MATERIAL FOR THE TASK: Begin

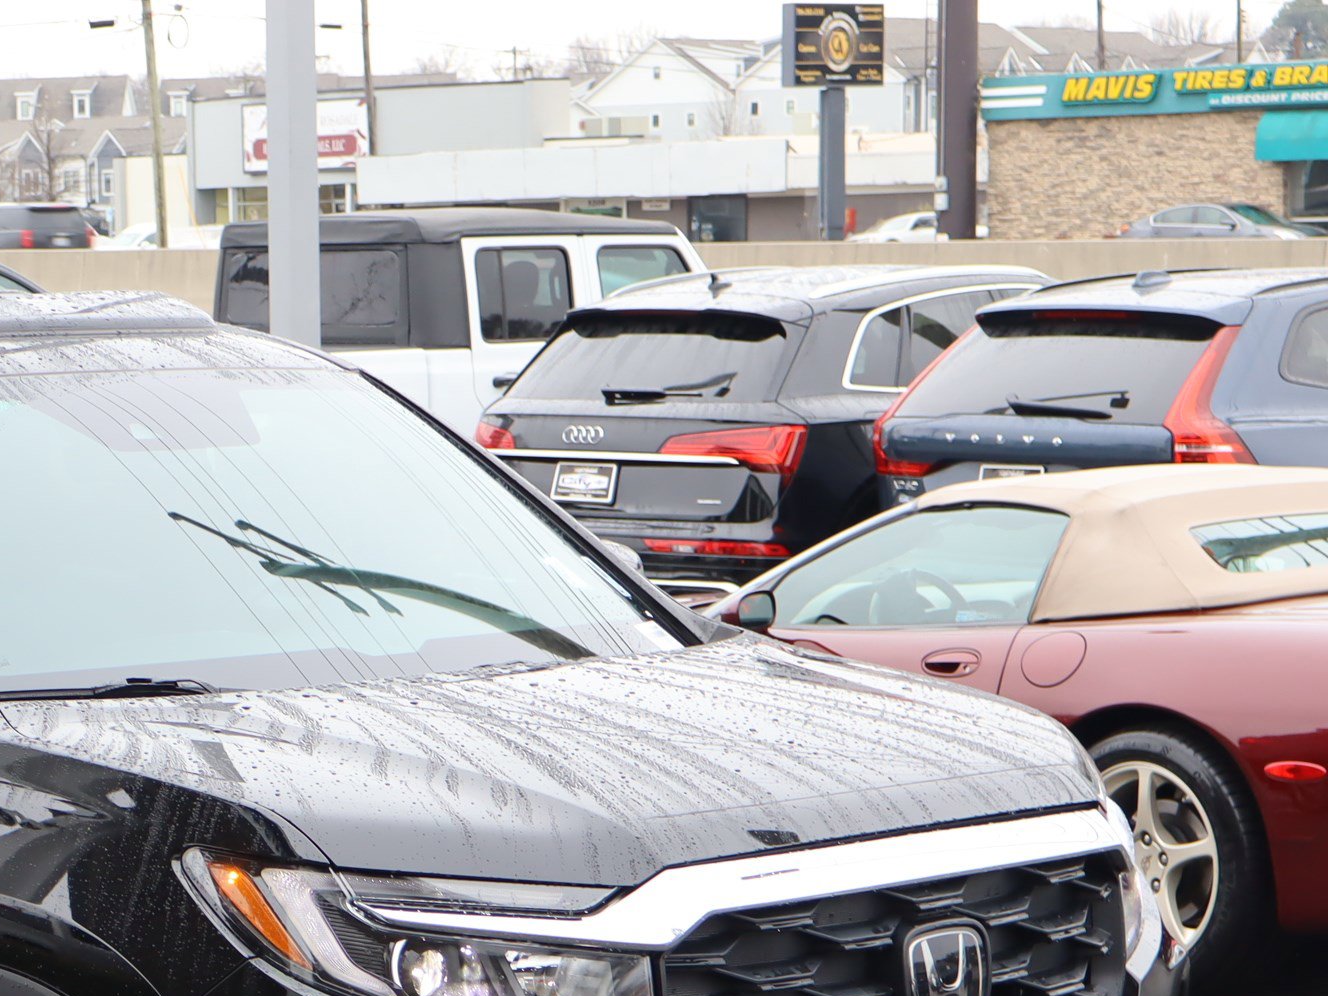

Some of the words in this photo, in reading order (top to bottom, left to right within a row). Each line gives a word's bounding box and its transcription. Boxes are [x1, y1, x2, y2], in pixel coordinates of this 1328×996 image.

[1062, 73, 1156, 101] MAVIS
[1173, 69, 1247, 90] TIRES
[1251, 70, 1267, 87] &
[1221, 93, 1288, 104] DISCOUNT
[945, 433, 1063, 446] VOLVO
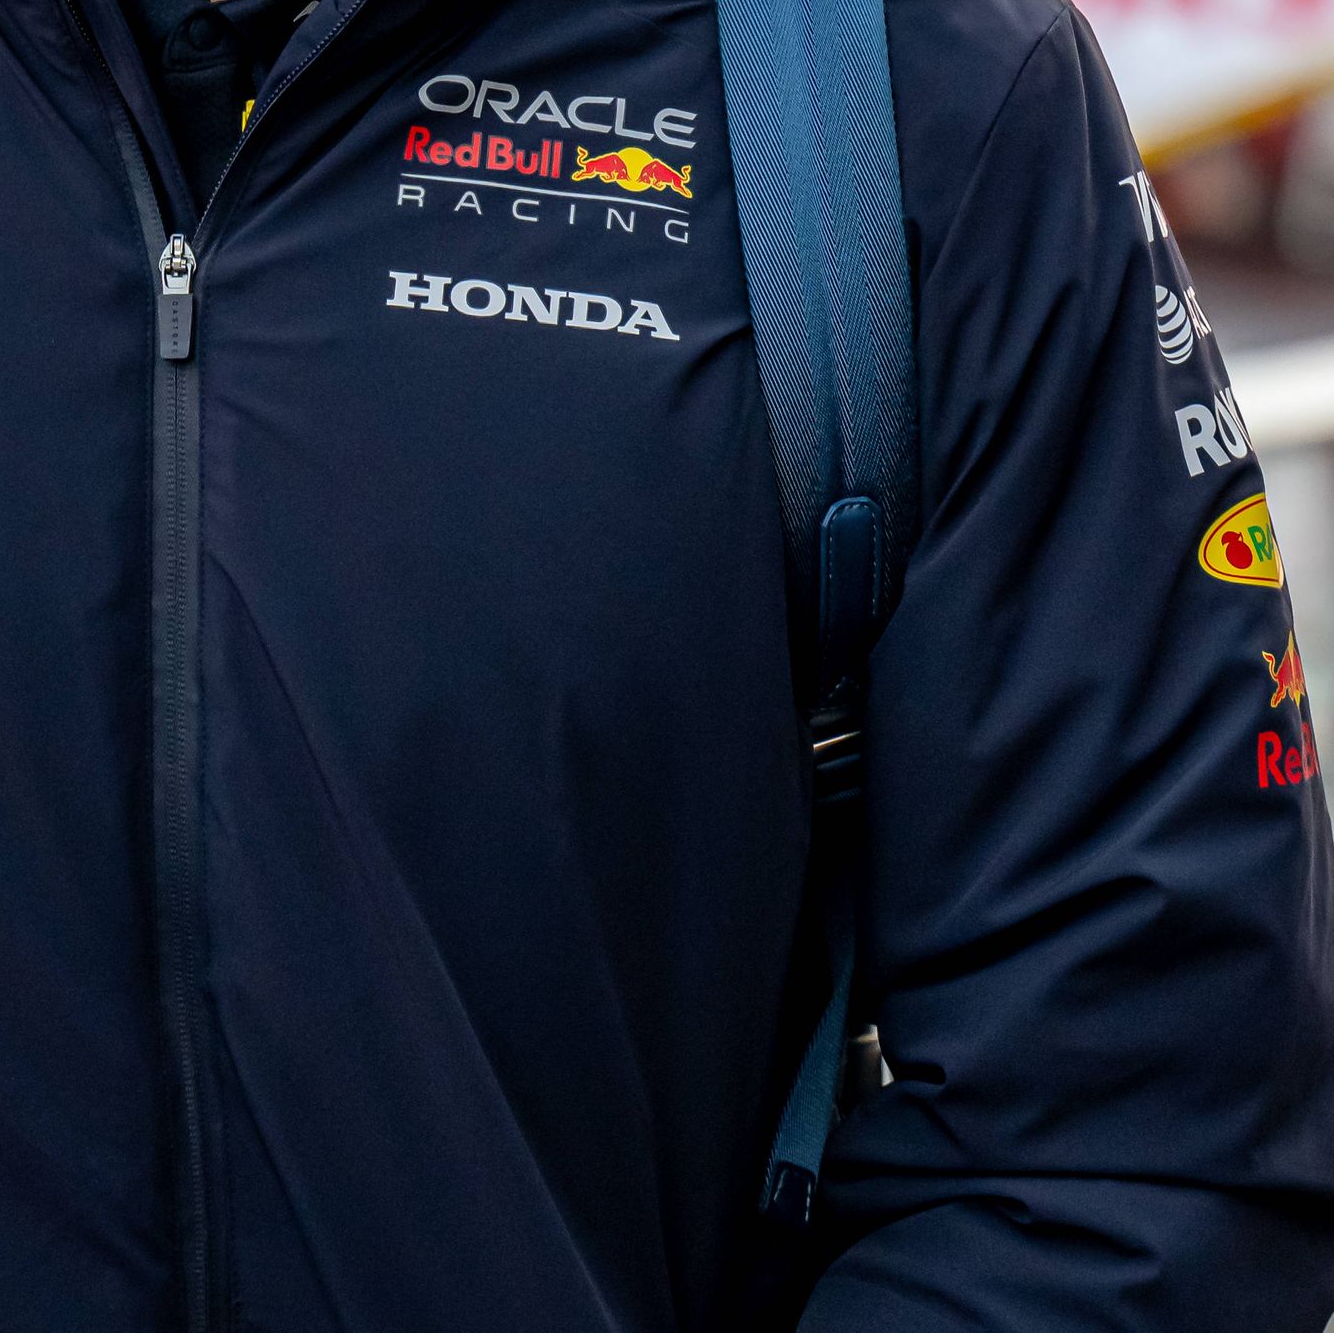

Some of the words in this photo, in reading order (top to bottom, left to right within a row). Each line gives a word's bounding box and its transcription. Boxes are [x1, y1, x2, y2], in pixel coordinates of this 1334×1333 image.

MATERIAL FOR THE TASK: End

Your task is to transcribe all of the records precisely, with no images included.

Some of the words in this photo, in reading order (top to bottom, left to right within a row). Each line gives a word's bounding box and its transcription. Boxes are [x1, y1, x2, y2], in pixel coordinates of this 1328×996 image.

[1062, 73, 1156, 101] MAVIS
[1173, 69, 1247, 90] TIRES
[1251, 70, 1267, 87] &
[1221, 93, 1288, 104] DISCOUNT
[945, 433, 1063, 446] VOLVO

Some of the words in this photo, in reading order (top to bottom, left to right within a row). Each line gives a word's bounding box and its transcription. Boxes are [x1, y1, x2, y2], in pixel coordinates of this 1334×1333 image.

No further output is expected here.